Besides Thomas Zomotu Manta, people using the names of Matthew Pierre and Fernandez Garrison were also involved in this con.

Finally, an Okeechobee man was released Wednesday, May 4, from the Okeechobee County Jail after posting bail. Later that night, he supposedly got a call from a local bail bond company saying he needed to pay an additional $1,000 or he would be put back in jail.

The young man then received a call from someone in Utah (phone number 435-210-4104) who claimed to be with the local sheriff’s office, stated a report by OCSO Deputy Chris Weeks. This caller told the man there was a mistake made on his release and the bonding company was unaware he was a flight risk, so he would have to pay the additional $1,000.

A third person called him from a number in Tennessee (phone number 432-377-4147) and told him to send the $1,000 via MoneyGram to a Carlos Scott at a Walmart store in Nevada.

The young man didn’t have the money so he went to his 75-year-old grandmother who agreed to loan him the cash. The money transfer, plus a $20 transfer fee, was made from the local Walmart store to the store in Nevada.

Later, after the transfer had gone through, the family realized it was all a ruse.

They then called the local bondsman who told them it was neither he nor his company that contacted them. The bail bondsman told them not to send the money, but it was too late.

Late Friday afternoon, May 6, OCSO public information officer Michele Bell said her agency had received more than 30 calls Friday from a number that has a (206) area code. Scammers were using multiple phone numbers from that area code.

She said the caller told the potential victim that he was with the IRS and that they owed money. And, if that money was not paid within 30 minutes, they would be arrested.

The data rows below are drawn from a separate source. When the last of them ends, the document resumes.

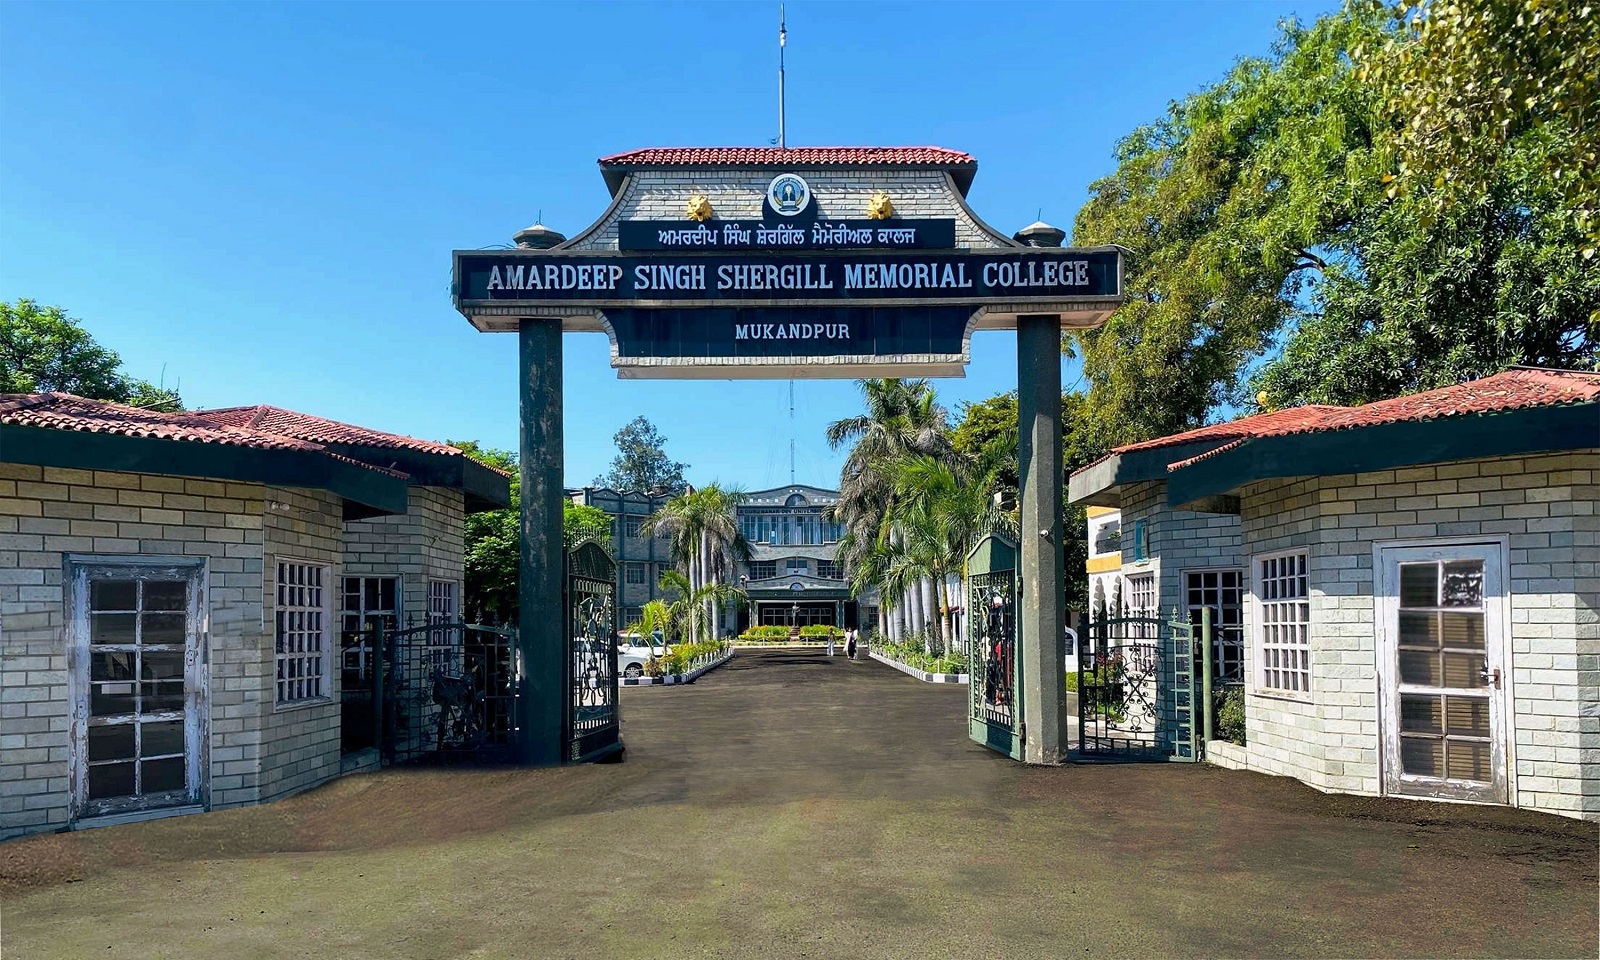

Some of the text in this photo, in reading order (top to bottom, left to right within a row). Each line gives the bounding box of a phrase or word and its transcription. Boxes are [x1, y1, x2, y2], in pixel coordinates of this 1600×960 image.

[658, 224, 718, 245] ਅਮਰਦੀਪ
[723, 223, 751, 245] ਸਿੰਘ
[812, 222, 873, 244] ਮੈਮੋਰੀਅਲ
[877, 228, 916, 244] ਕਾਲਜ
[487, 260, 1089, 290] AMARDEEP SINGH SHERGILL MEMORIAL COLLEGE
[735, 323, 850, 340] MUKANDPUR
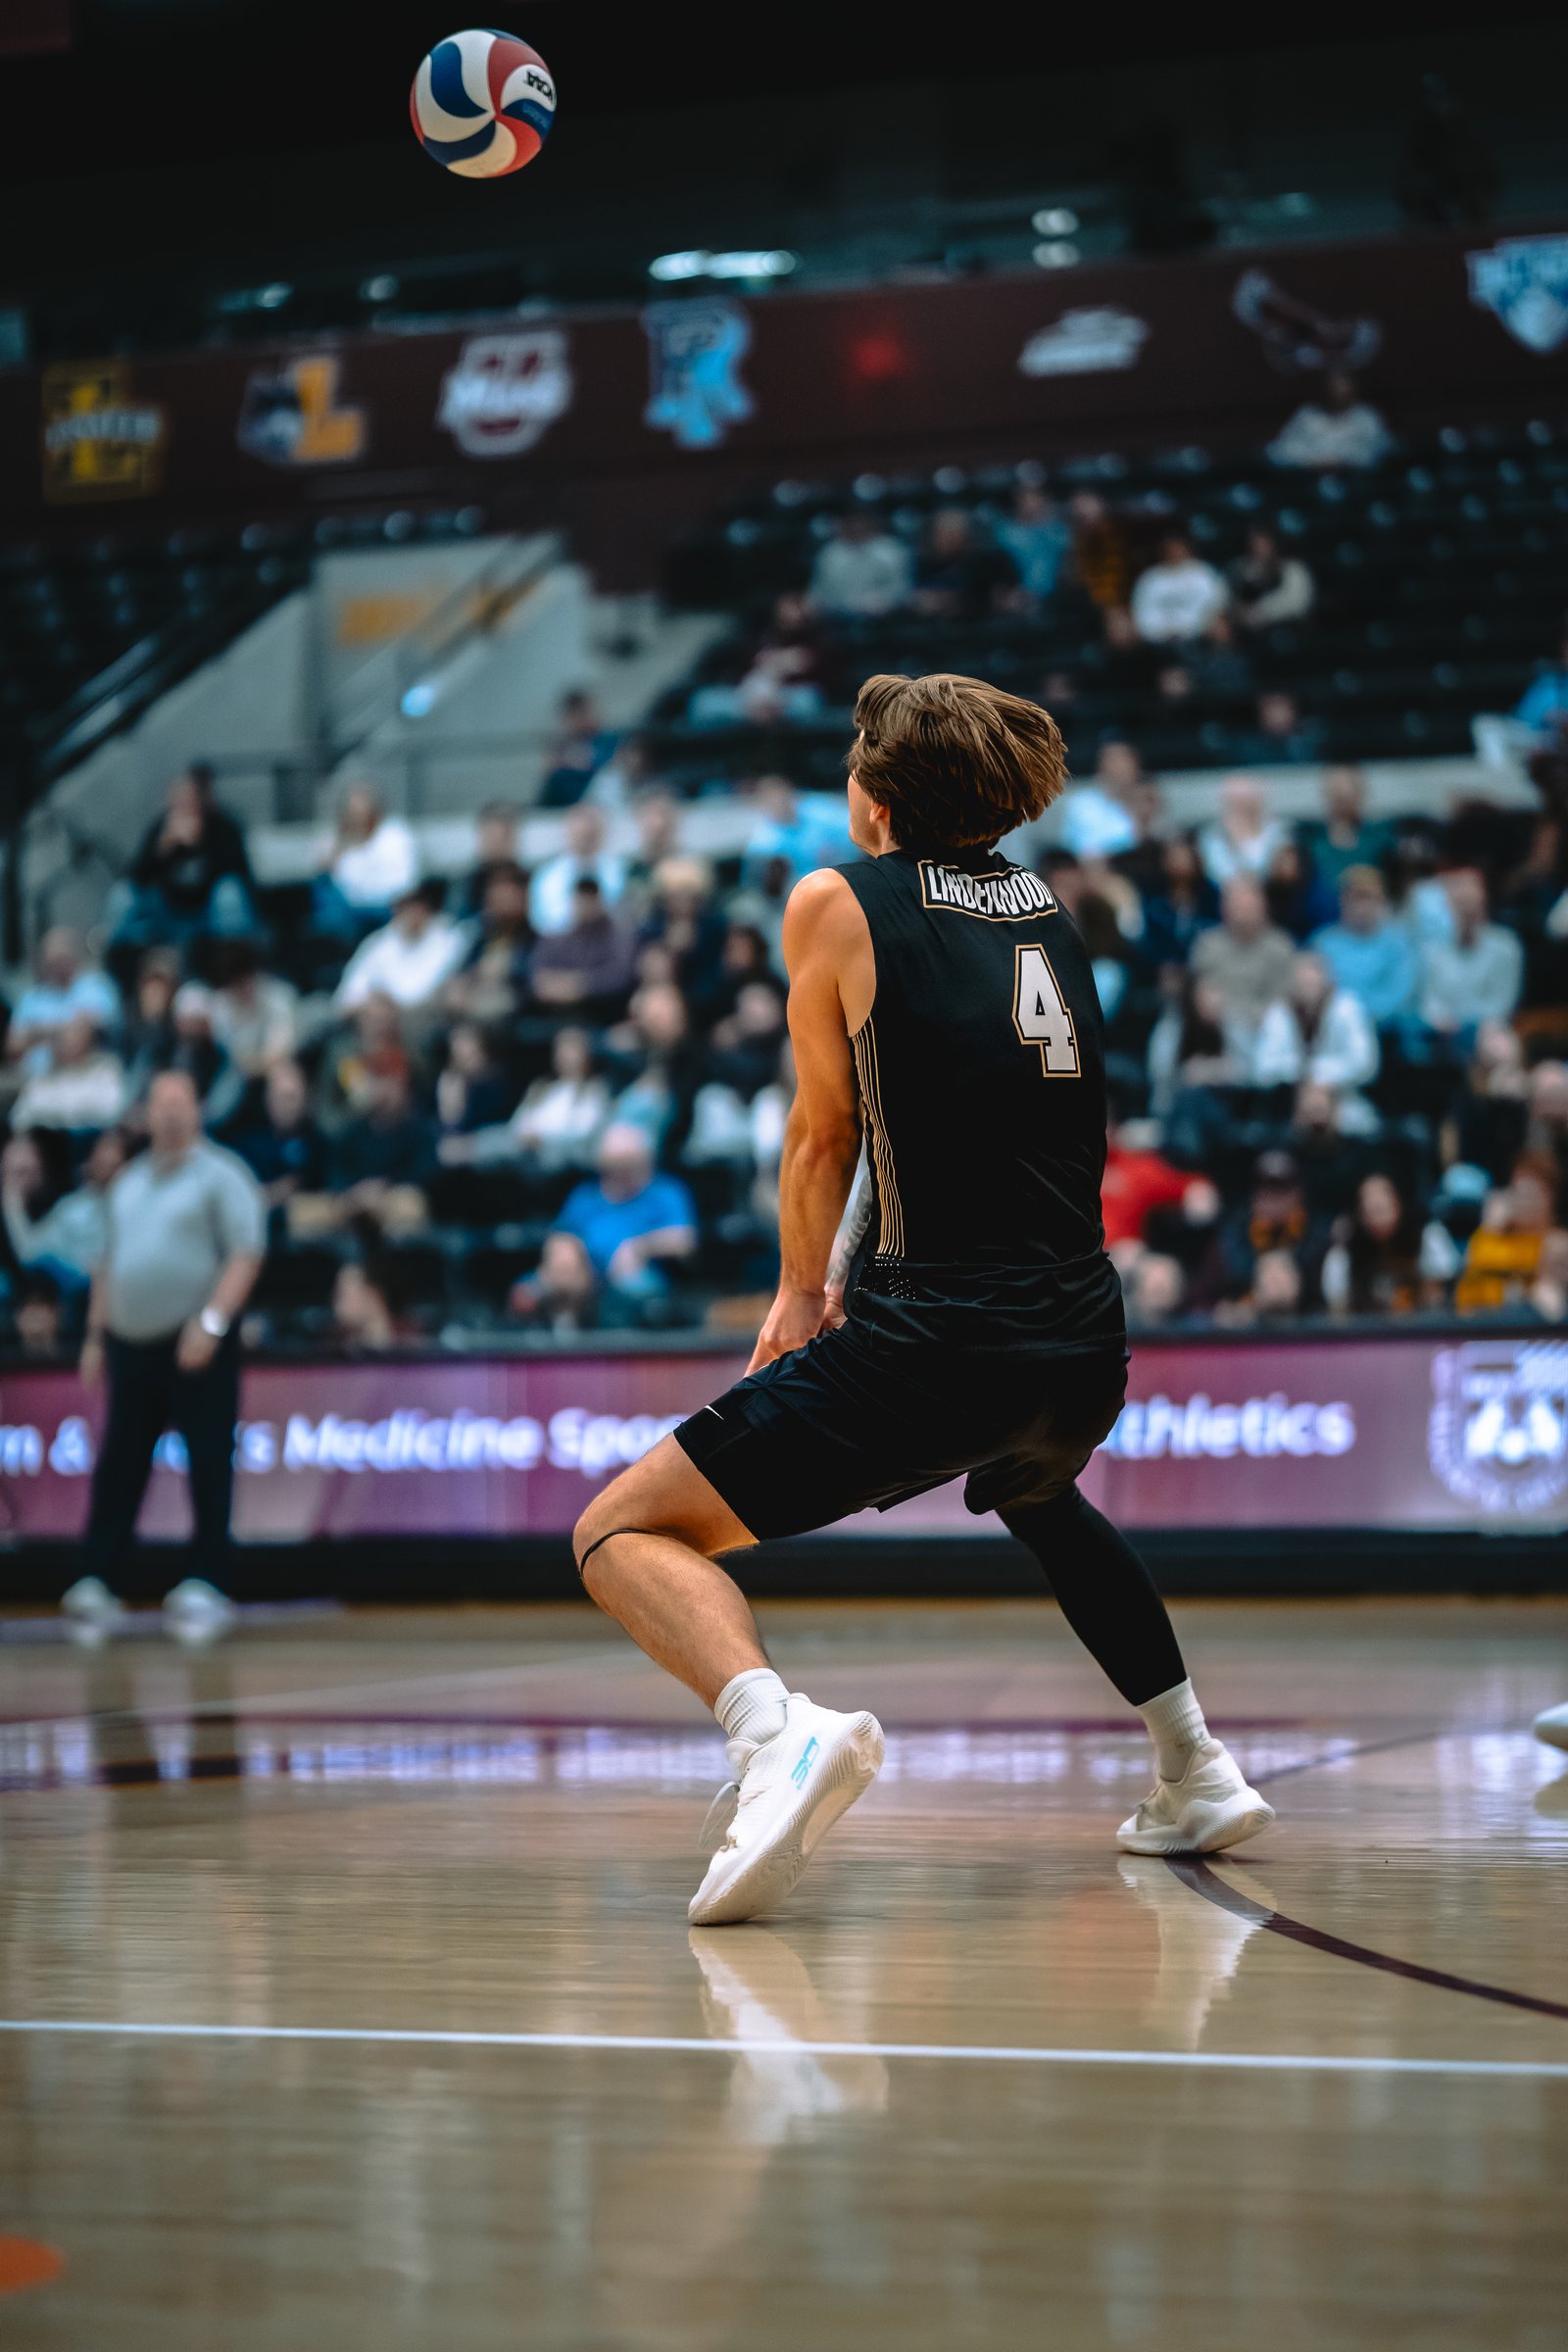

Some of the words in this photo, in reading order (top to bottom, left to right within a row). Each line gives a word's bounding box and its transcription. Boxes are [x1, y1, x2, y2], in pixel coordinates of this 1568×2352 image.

[1012, 944, 1081, 1078] 4
[284, 1409, 544, 1472] Medicine
[1099, 1392, 1356, 1458] thletics
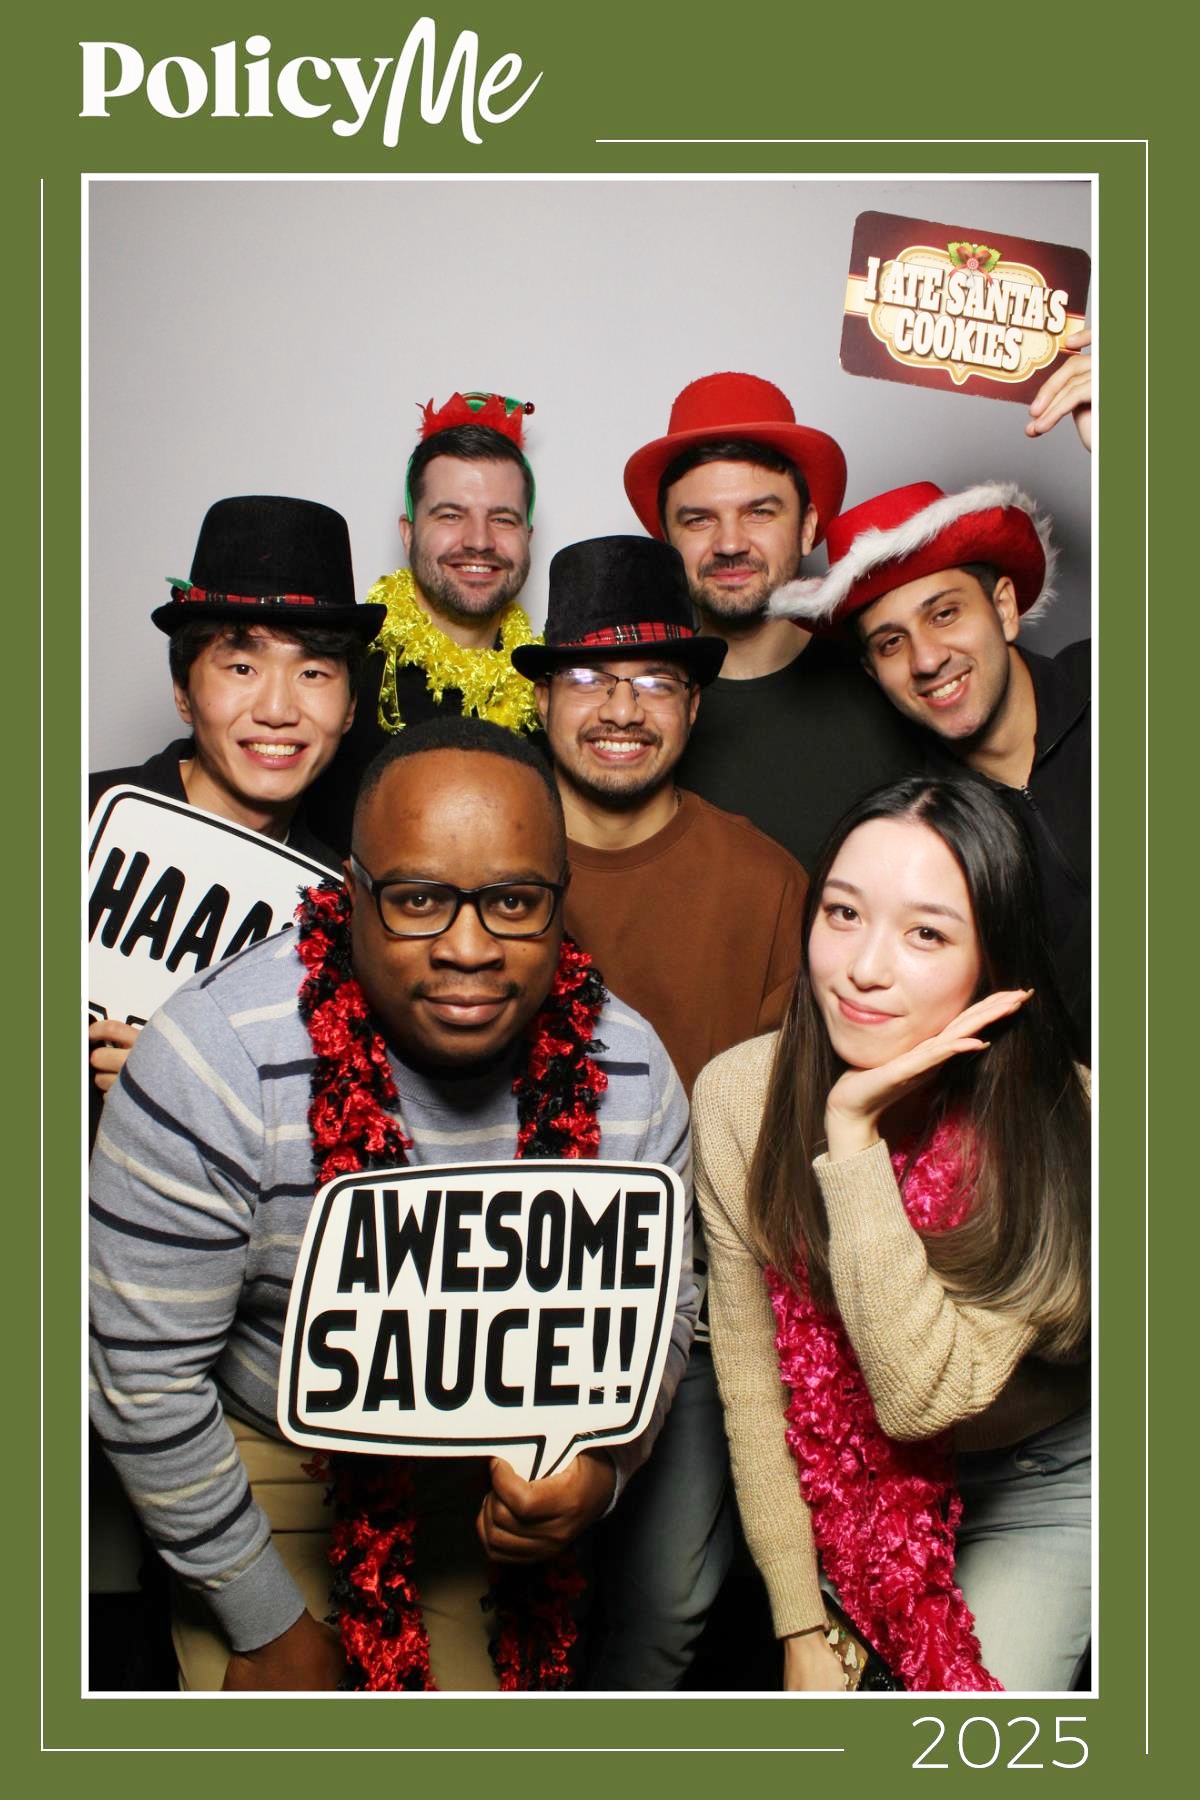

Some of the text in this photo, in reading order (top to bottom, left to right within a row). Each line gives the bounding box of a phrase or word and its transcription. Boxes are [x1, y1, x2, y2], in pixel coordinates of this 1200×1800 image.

[864, 256, 1069, 335] I ATE SANTA'S
[893, 308, 1024, 372] COOKIES
[89, 847, 294, 974] HAA
[337, 1188, 661, 1297] AWESOME
[305, 1307, 638, 1413] SAUCE!!
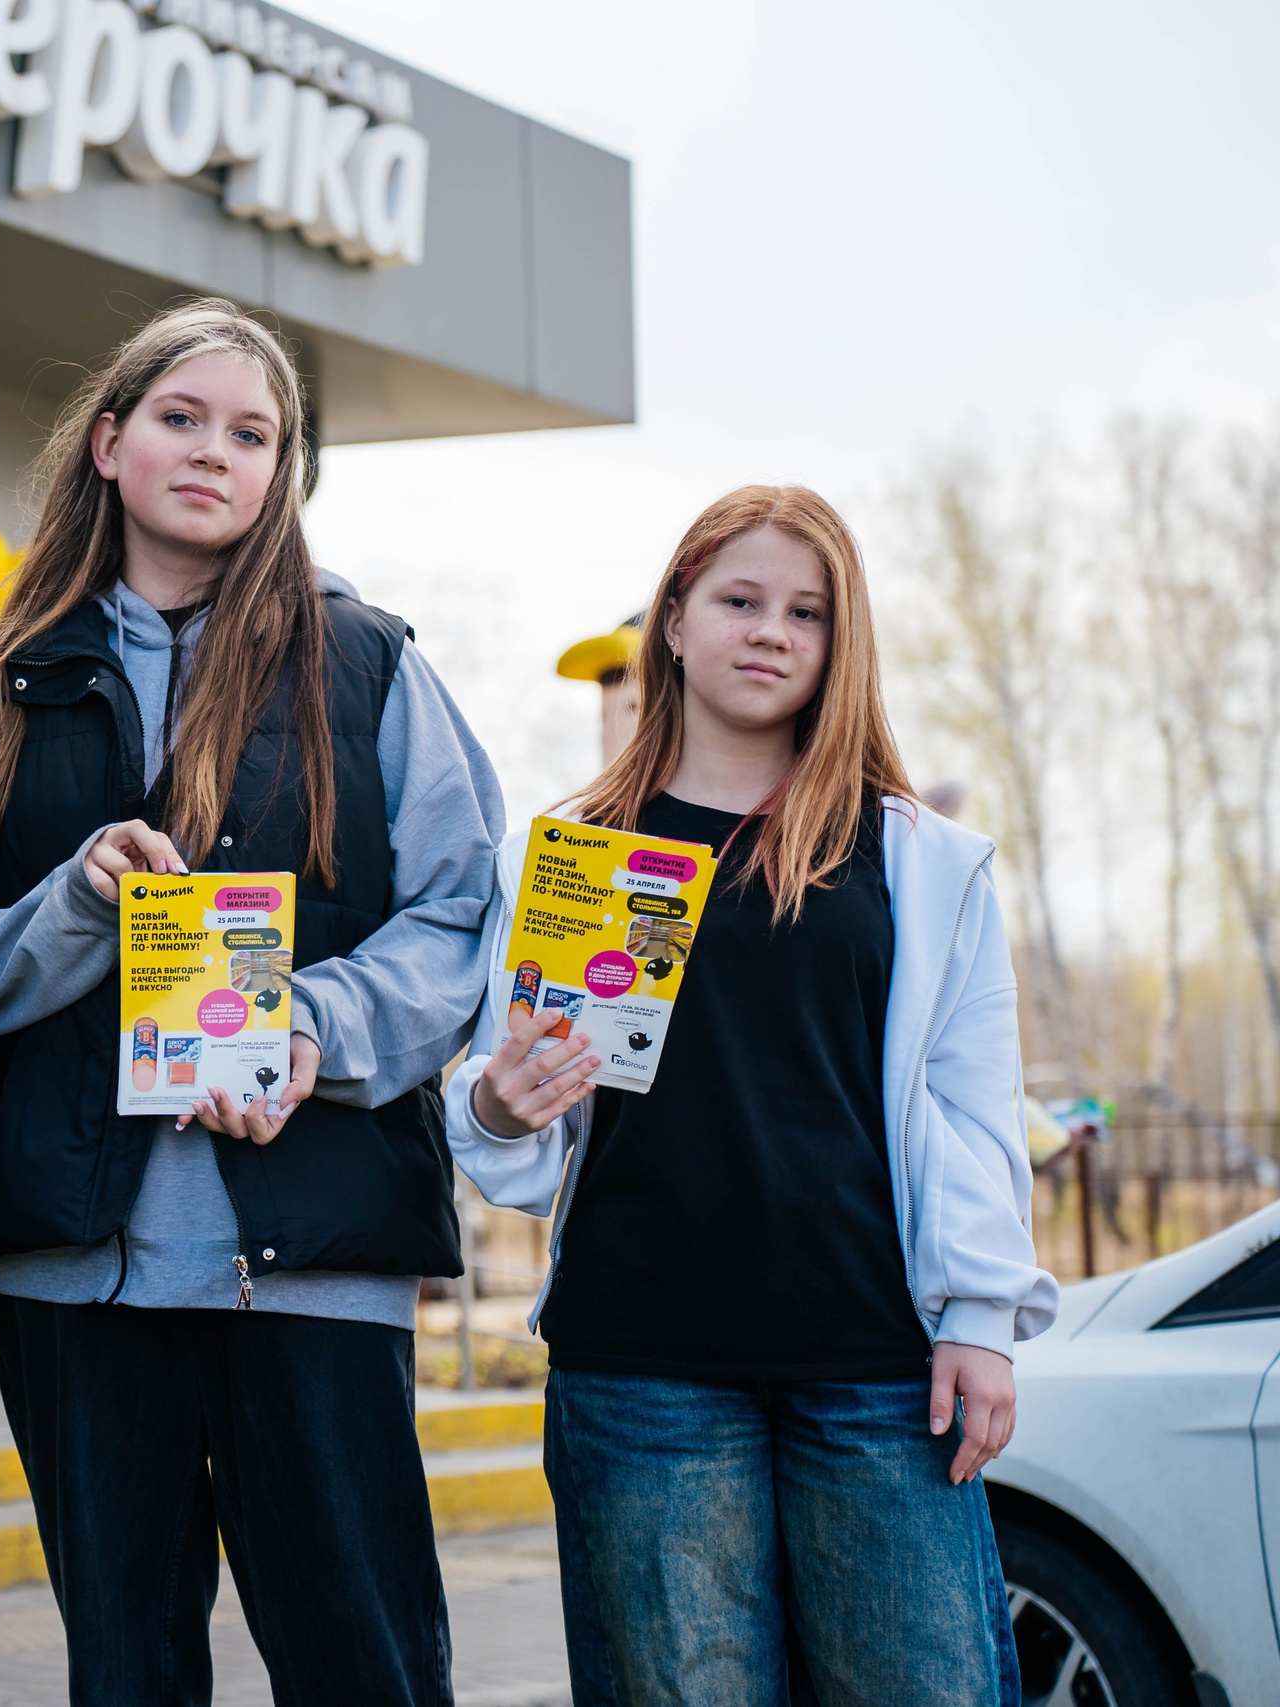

In cases like the IRS scam, it’s important to remember that federal agency will not contact you by phone or the internet. They will only contact you by the U.S. mail. Con artists, however, will not use the postal service because their actions can be traced.

“It’s not always easy to spot con artists,” said Michele Bell, OCSO public information officer. “They are smart, extremely persuasive and aggressive.

They invade your home through the telephone, the internet and the mail.

“Most people think they are too smart to fall for a scam. But, con artists rob all kinds of people. Cons, scams and frauds disproportionately victimize seniors with false promises of miracle cures, financial security and luxury prizes,” she added.

Before you part ways with your money, speak with your banker or contact local law enforcement.

If you live in the city, call the police department at 863-763-5521. If you live in the county, call the sheriff’s office at 863-763-3117.